Górnik Zabrze aktywnie uczestniczy w akcji #icebucketchallenge. Kubeł zimnej wody na swoje głowy wylali już m.in. członkowie stowarzyszenia kibiców Trójkolorowych, dyrektor ds. bezpieczeństwa zabrzańskiego klubu Tomasz Milewski czy wiceprezes Krzysztof Maj.
W gronie wybrańców była także klubowa maskotka Górnika Jorguś, która nominowała m.in. Lukasa Podolskiego oraz dyrektora sportowego Roberta Warzychę. Ten ostatni swoje zadanie wykonał we wtorkowe popołudnie. Uczynił to w charakterystycznym dla siebie amerykańskim stylu, zapewniając, iż z Jorgusiem policzy się na następnym meczu.

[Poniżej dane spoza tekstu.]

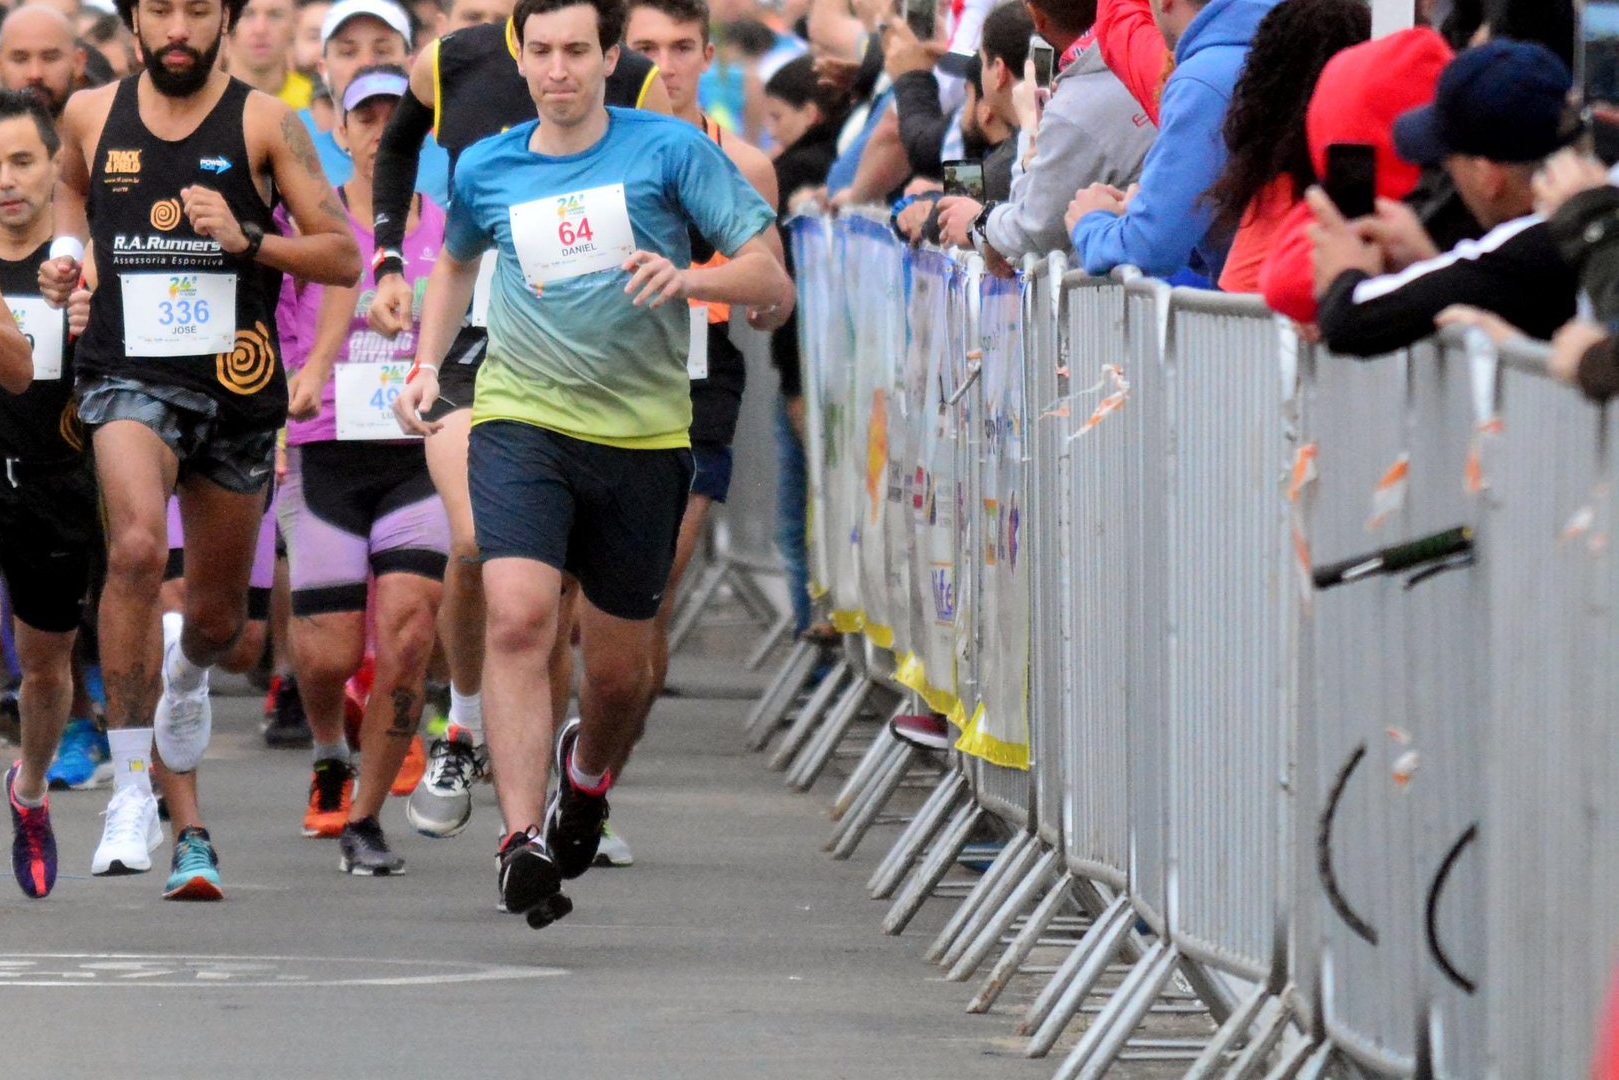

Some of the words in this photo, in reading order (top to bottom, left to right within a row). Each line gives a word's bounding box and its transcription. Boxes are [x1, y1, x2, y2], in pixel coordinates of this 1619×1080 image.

[107, 150, 141, 162] TRACK
[558, 216, 594, 247] 64
[113, 235, 222, 252] R.A.Runners
[561, 242, 598, 257] DANIEL
[113, 256, 167, 266] Assessoria
[171, 256, 224, 267] Esportiva
[157, 299, 210, 326] 336
[171, 323, 198, 335] JOSÉ

Do dalszej zabawy Warzycha nominował Józefa Dankowskiego ("przyda mu się po ostatnich wynikach") oraz... "mojego dobrego kolegę Stefana Majewskiego". Zwłaszcza ta ostatnia nominacja została przez wielu przyjęta ze śmiechem. Dlaczego? Majewski jest jednym z głównych oponentów pracy trenerskiej Warzychy w Zabrzu.
Swoimi komentarzami działacz PZPN sugerował, iż piłkarska centrala nie może dopuścić trenera do pracy z Górnikiem gdyż ten nie posiada średniego wykształcenia oraz zapowiadał, że w wypadku omijania przepisów przez zabrzański klub licencję stracić może także oficjalnie drużynę prowadzący Dankowski.